Сторонники жёсткой линии в советской внешней политике получили главное: гарантию незыблемости границ, а, по существу, сложившегося к тому времени баланса сил в Европе. За тридцать лет, прошедших с окончания Второй мировой войны, СССР и Запад поменялись ролями. Теперь не Советский Союз стремился к расширению своего влияния в Европе, и в этом смысле он перестал быть «геополитическим пассионарием», теперь США и их союзники готовы были к экономической и политической атаке на социалистический лагерь. Поскольку подкрепить их атакой военной, как показал Карибский кризис, было смерти подобно, СССР добился от Запада формальных обязательств вообще отказаться от любых попыток подобного рода. В качестве частного, но показательного примера, можно привести судьбу Германии. Если на Ялтинской конференции Сталин вовсю защищал необходимость сохранения единства послевоенной Германии, полагая, что в таком качестве США будет сложнее включить её в зону своего влияния, то после Хельсинки, по настоянию советских дипломатов, вопрос о воссоединении страны был отложен в долгий ящик. И это была победа наших «ястребов».
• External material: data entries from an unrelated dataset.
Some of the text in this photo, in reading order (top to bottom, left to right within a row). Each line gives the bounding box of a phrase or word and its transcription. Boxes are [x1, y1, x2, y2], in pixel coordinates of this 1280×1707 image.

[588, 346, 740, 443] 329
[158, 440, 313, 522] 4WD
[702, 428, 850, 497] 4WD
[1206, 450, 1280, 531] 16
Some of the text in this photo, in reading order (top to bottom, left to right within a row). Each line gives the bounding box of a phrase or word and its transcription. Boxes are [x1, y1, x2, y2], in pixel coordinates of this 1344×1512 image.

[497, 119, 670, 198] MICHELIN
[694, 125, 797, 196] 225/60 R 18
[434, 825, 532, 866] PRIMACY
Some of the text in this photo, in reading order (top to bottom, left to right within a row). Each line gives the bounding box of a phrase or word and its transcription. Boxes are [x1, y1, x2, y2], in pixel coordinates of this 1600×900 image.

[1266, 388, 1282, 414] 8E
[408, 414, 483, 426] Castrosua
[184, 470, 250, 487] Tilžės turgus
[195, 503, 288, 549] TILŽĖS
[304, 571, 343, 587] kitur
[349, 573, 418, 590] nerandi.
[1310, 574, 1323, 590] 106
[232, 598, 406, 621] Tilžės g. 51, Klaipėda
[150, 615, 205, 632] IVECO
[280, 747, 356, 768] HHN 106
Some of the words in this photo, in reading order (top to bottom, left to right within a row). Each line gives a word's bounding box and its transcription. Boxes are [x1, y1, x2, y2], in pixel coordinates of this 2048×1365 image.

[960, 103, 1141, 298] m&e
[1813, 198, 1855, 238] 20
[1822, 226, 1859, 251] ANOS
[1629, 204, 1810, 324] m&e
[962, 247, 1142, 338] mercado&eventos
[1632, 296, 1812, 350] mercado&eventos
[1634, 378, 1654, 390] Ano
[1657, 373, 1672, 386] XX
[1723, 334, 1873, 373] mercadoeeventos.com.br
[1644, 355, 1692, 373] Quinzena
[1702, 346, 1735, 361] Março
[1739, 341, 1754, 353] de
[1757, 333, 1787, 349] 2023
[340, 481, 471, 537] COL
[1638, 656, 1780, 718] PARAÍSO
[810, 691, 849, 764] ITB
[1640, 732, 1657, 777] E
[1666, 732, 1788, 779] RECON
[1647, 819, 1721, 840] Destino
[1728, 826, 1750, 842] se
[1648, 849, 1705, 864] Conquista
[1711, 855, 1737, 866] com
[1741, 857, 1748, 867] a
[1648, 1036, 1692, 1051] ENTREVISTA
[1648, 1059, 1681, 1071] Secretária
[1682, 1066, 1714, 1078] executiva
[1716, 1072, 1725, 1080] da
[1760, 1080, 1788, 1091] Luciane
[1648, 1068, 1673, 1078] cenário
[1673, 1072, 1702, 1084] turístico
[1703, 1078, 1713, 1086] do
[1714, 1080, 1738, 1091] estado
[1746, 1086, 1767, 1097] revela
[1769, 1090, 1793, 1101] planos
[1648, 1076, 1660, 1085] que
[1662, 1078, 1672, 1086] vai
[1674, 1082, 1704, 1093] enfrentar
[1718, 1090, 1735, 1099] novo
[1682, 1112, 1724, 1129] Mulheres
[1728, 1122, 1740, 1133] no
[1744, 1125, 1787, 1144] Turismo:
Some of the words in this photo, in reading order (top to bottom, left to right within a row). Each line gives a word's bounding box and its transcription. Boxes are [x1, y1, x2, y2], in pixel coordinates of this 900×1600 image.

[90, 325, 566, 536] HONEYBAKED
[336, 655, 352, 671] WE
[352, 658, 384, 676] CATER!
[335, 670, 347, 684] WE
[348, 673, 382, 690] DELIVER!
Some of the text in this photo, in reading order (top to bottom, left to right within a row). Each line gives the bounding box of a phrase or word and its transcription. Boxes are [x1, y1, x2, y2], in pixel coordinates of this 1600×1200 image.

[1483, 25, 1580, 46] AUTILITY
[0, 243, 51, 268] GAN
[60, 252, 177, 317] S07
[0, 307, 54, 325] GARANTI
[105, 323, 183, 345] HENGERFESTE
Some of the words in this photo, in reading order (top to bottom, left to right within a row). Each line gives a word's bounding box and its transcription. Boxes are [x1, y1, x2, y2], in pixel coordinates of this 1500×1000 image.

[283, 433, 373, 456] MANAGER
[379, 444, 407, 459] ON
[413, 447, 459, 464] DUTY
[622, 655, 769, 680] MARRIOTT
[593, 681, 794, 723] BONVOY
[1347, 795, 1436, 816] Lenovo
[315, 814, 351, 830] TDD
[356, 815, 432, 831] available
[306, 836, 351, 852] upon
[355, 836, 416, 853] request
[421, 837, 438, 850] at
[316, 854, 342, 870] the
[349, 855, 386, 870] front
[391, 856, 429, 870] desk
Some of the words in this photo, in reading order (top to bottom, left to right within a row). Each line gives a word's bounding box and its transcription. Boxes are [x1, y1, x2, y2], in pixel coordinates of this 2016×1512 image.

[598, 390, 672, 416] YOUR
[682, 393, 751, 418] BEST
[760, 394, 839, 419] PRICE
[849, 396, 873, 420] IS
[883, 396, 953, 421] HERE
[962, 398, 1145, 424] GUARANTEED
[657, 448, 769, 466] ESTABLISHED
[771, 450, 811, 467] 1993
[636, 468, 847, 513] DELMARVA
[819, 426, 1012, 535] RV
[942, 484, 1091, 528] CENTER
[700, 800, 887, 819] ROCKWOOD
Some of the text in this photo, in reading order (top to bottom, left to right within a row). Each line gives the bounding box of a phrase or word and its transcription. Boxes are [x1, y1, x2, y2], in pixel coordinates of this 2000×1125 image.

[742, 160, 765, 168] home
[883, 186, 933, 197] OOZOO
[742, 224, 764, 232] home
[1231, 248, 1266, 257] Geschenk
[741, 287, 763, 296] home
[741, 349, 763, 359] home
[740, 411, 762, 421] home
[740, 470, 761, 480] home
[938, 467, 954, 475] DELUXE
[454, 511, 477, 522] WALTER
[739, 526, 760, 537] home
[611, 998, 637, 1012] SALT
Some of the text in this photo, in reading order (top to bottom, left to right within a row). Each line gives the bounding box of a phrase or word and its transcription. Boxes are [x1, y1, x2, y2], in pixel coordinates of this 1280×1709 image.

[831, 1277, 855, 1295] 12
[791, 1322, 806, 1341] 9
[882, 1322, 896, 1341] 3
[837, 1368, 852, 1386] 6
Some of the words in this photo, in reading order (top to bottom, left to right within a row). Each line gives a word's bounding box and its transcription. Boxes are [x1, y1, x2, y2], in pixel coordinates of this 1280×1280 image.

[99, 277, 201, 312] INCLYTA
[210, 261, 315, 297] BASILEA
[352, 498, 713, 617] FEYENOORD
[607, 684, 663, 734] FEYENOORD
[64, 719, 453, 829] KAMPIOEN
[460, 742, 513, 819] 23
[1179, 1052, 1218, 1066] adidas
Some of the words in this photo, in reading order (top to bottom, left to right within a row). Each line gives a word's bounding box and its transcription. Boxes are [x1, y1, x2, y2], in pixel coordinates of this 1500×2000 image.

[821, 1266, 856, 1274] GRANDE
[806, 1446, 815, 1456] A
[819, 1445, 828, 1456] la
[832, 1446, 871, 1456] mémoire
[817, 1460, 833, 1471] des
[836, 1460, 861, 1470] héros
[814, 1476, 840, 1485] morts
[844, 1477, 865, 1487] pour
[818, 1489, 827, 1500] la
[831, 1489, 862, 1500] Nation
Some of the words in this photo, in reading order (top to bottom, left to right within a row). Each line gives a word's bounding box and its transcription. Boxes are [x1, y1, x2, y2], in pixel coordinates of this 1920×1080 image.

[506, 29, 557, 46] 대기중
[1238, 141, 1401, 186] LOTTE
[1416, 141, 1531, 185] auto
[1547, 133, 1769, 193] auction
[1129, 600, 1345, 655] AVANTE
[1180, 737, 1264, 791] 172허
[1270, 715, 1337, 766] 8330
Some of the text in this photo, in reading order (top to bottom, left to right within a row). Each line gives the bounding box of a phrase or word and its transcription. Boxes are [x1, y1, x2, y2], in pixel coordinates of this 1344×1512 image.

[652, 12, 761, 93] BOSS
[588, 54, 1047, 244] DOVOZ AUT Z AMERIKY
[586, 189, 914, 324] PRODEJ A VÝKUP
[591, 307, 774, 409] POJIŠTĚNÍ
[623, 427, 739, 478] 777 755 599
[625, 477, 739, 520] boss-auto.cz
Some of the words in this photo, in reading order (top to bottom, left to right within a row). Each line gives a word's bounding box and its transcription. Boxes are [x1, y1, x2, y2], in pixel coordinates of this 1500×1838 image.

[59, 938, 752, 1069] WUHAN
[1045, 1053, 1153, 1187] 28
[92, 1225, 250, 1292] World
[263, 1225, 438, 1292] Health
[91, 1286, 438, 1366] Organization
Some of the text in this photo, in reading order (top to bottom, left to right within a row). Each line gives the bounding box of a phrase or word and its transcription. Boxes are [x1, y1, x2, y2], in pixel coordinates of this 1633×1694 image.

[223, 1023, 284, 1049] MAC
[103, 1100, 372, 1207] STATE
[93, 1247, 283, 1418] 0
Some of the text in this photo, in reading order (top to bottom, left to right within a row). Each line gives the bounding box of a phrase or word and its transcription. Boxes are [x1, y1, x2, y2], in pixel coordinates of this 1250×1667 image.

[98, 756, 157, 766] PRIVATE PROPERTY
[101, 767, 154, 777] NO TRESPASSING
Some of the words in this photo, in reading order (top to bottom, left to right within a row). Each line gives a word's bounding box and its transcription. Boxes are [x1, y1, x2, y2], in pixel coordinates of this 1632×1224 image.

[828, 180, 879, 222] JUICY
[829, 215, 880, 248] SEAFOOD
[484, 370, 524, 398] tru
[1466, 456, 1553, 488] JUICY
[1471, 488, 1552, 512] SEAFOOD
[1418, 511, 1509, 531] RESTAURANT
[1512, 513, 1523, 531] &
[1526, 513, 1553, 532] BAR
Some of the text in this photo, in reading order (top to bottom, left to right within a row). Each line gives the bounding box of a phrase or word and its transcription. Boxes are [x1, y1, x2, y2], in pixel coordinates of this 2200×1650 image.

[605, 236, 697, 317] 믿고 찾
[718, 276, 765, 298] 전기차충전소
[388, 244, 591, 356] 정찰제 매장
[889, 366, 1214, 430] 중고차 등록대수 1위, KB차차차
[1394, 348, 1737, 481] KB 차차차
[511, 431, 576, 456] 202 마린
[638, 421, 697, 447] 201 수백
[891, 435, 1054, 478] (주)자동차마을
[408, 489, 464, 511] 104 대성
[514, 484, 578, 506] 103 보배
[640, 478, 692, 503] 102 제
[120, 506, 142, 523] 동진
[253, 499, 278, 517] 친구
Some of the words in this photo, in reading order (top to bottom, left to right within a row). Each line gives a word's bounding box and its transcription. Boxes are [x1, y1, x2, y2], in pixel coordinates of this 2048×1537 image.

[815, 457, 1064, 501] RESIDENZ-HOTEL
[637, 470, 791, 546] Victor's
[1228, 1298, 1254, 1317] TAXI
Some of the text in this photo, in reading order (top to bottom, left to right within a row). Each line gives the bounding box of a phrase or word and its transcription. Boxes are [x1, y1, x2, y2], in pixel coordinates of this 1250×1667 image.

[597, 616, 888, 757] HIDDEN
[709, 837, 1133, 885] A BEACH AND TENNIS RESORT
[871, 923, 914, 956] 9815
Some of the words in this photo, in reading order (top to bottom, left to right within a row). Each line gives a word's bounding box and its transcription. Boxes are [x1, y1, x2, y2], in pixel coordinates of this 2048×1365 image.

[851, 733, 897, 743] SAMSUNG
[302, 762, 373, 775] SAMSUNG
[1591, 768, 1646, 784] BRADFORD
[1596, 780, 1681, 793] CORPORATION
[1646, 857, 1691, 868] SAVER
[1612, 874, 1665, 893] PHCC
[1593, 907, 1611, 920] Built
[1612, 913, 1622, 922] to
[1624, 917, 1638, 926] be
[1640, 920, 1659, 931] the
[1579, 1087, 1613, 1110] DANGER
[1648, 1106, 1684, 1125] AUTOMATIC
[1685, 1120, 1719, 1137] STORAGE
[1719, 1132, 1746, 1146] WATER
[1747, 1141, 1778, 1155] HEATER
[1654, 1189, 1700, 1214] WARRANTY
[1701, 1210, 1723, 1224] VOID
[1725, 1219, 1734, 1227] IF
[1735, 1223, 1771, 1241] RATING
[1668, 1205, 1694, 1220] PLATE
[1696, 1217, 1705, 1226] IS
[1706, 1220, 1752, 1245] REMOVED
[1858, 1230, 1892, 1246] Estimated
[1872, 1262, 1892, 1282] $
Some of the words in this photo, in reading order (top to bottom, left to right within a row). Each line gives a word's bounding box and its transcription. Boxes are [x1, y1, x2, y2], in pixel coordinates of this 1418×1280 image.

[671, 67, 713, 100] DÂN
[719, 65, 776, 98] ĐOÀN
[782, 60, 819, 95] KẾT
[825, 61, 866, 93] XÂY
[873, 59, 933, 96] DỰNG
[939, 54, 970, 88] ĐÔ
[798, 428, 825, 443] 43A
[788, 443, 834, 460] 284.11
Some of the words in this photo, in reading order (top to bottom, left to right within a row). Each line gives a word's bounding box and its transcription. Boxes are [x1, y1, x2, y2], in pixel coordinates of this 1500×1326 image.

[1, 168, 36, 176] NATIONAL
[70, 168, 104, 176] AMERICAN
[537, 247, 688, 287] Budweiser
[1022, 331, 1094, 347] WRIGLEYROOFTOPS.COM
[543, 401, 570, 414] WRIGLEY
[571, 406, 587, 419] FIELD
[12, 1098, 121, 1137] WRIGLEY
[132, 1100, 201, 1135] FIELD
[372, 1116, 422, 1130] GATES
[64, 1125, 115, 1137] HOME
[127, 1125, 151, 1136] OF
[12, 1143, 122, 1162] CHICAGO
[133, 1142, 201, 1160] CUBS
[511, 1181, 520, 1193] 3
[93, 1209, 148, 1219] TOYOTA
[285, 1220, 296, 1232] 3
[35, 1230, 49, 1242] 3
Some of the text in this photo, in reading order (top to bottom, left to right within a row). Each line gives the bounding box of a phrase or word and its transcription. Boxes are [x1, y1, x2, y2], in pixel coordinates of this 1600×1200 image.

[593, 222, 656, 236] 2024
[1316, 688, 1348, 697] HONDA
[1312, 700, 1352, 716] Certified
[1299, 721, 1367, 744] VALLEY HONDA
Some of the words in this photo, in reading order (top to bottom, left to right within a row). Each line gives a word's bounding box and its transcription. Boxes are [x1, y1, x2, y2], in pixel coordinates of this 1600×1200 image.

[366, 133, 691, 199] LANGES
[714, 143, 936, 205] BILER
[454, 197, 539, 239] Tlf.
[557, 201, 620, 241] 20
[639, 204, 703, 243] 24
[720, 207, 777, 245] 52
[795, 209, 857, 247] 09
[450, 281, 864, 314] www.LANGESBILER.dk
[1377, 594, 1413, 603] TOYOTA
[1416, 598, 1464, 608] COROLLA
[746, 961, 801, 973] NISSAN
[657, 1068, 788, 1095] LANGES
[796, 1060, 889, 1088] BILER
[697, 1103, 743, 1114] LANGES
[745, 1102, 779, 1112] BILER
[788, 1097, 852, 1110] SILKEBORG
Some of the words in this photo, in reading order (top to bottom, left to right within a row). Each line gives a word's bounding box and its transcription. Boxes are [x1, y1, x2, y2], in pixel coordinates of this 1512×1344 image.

В то же время, отечественные «либералы» настояли на том, чтобы Кремль согласился на третью, гуманитарную часть пакетного соглашения. По всей видимости, эти люди полагали, что обеспечение гарантированных в ней прав и свобод человека будет способствовать постепенному сближению СССР с западным миром. При этом едва ли они были «агентами влияния» Запада — просто осознавали необходимость реформ.
Впрочем, высшее руководство страны быстро поменяло свою благодушную оценку гуманитарной части Заключительного акта, расценив её как вмешательство во внутренние дела страны. В одном из своих выступлений Громыко выразился довольно ясно: «Внутренние порядки, внутренние законы — это черта у ворот каждого государства, перед которой другие должны остановиться». Но это произошло уже после подписания Акта. Все дальнейшие нарушения прав человека в СССР стали расцениваться уже не только как его внутреннее дело. У советского диссидентского движения появилось мощное юридическое обоснование, а страна, декларировавшая, но не желавшая жить в соответствии с нормами правового государства, всё больше погрязала в лицемерии. На практике это выражалось в отсутствии реформ и стагнации. Проще говоря — наступила эпоха застоя.